Six disabled claimants have launched a legal challenge to a Department for Work and Pensions consultation proposing the closure of the Independent Living Fund (ILF).

The ILF is a body of the DWP but is managed by independent trustees. It was closed to new applicants in 2010 after the Department cut the amount of money given to the fund.

Under the consultation the fund will be closed completely in 2015, with users becoming reliant on local authority adult care services.

“This is at a time when the funding for local authorities is being dramatically reduced and many authorities are cutting services for disabled people,” a statement issued by the claimants’ lawyers, law firms Deighton Pierce Glynn and Scott-Moncrieff & Associates, said.
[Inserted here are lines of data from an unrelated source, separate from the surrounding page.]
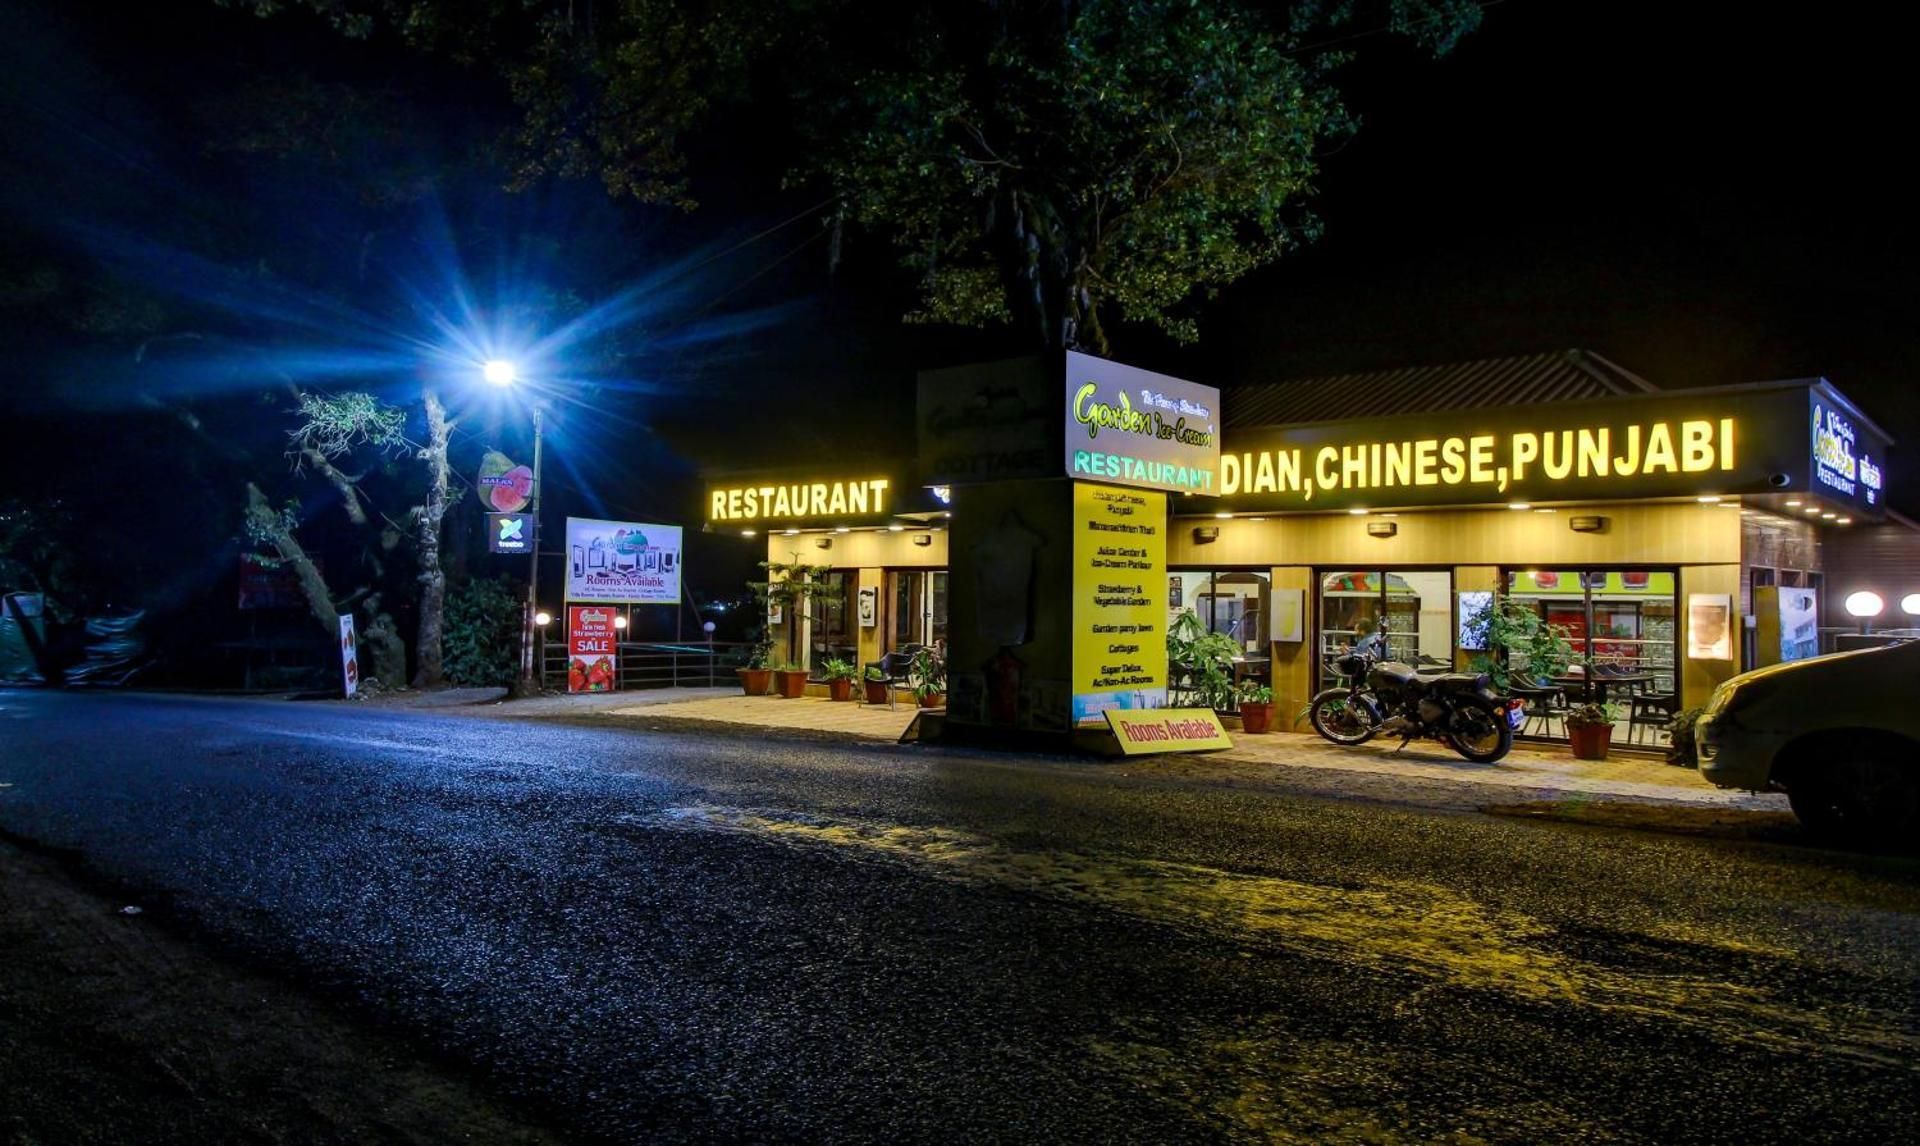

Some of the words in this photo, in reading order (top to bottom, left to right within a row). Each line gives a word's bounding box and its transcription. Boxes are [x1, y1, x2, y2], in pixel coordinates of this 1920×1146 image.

[1074, 381, 1152, 439] Garden
[1074, 449, 1214, 490] RESTAURANT
[1820, 467, 1855, 496] RESTAURANT
[712, 479, 888, 520] RESTAURANT
[1141, 549, 1147, 557] &
[586, 574, 621, 586] Rooms
[625, 576, 664, 587] Available
[1137, 585, 1142, 593] &
[577, 641, 608, 651] SALE
[1120, 720, 1168, 742] Rooms
[1165, 718, 1219, 741] Available
The claimants have put forward three grounds for the claim:

  • The Government had “failed to explain why it is only considering closing the fund, rather than other options, such as continuing the fund and re-opening it to young adults who want to live independent lives”;
  • The consultation did not give enough information about the difference between local authority assessment and provision and the ILF. “Local authority services focus on basic needs whereas the ILF is about enabling people to be independent, to work and be full citizens”; and
  • The Government had failed to undertake any assessment of the way disabled people will be affected by the proposals, “in breach of their legal duties under the Equality Act 2010”.

The court will be asked to declare that the DWP is unlawful and that any decision based on it is also unlawful.
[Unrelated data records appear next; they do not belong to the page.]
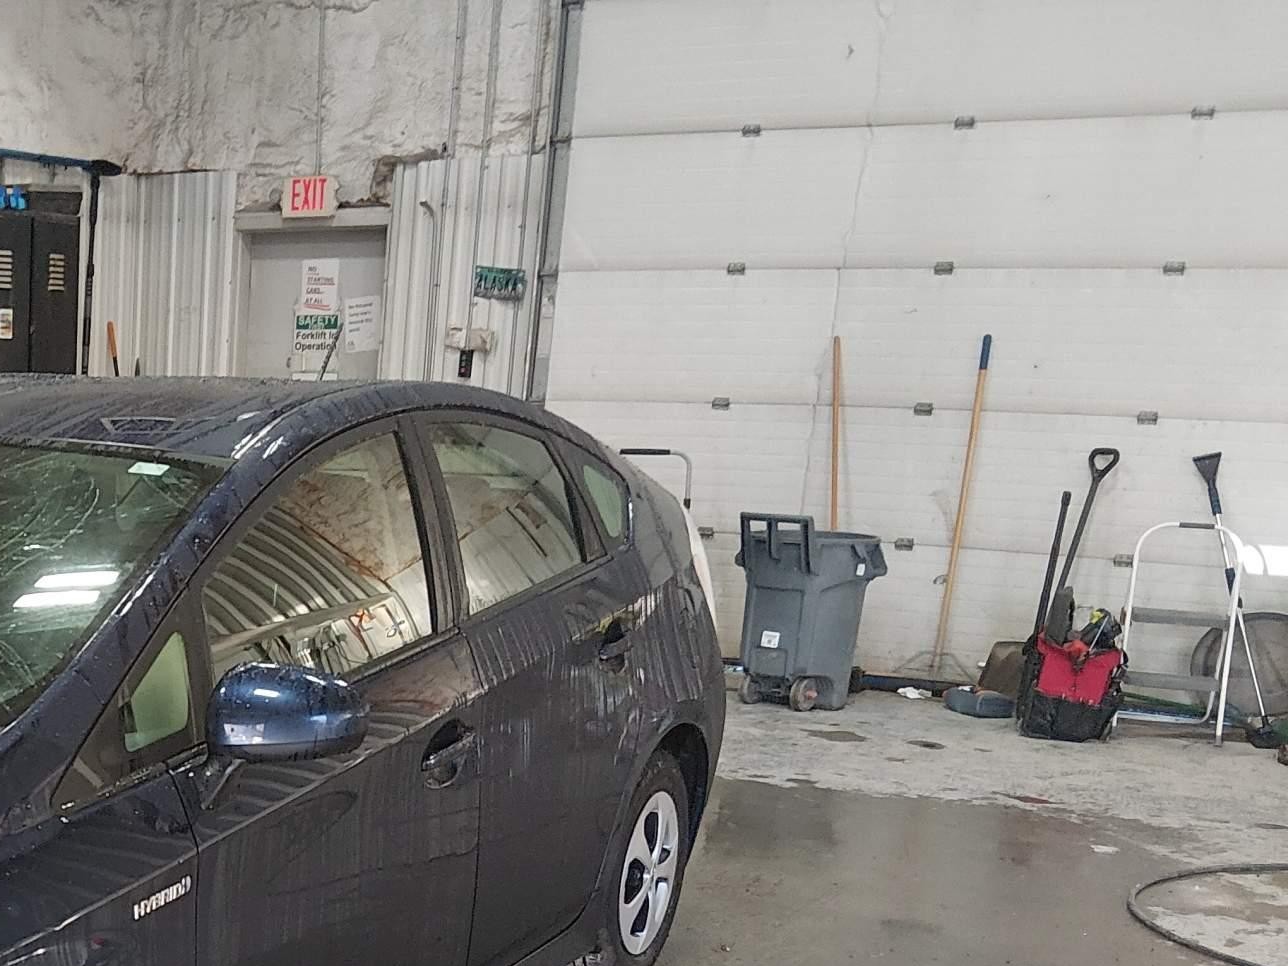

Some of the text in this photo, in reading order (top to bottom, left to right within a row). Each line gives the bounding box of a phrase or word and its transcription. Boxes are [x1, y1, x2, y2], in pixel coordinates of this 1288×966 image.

[291, 178, 327, 210] EXIT
[475, 273, 520, 293] ALASKA
[298, 315, 337, 326] SAFETY
[296, 331, 326, 340] Forklift
[133, 878, 186, 920] HYBRID
The Department has until 30 October to put forward its defence.

Writing in the forward to the consultation, Maria Miller, the then Minister for Disabled People, said: "It has been clear for some time that the changes we have seen in the wider care and support system have called into question the efficacy of a separate funding stream operating in parallel to, but outside of the mainstream care and support system administered by local authorities.

"Furthermore, while the ILF has applied national eligibility criteria in a consistent way, there is considerable geographical variation in ILF take-up rates."

Miller added: "The Government believes that the care and support needs of existing ILF users can and should be met within one cohesive social care system, in a way that is consistent with our commitment to localism, with funding and services integrated around individuals' need through personal budgets."

The Minister said the Government's preferred approach was for ILF funding to be devolved to local government in England and to the devolved administrations in Scotland and Wales.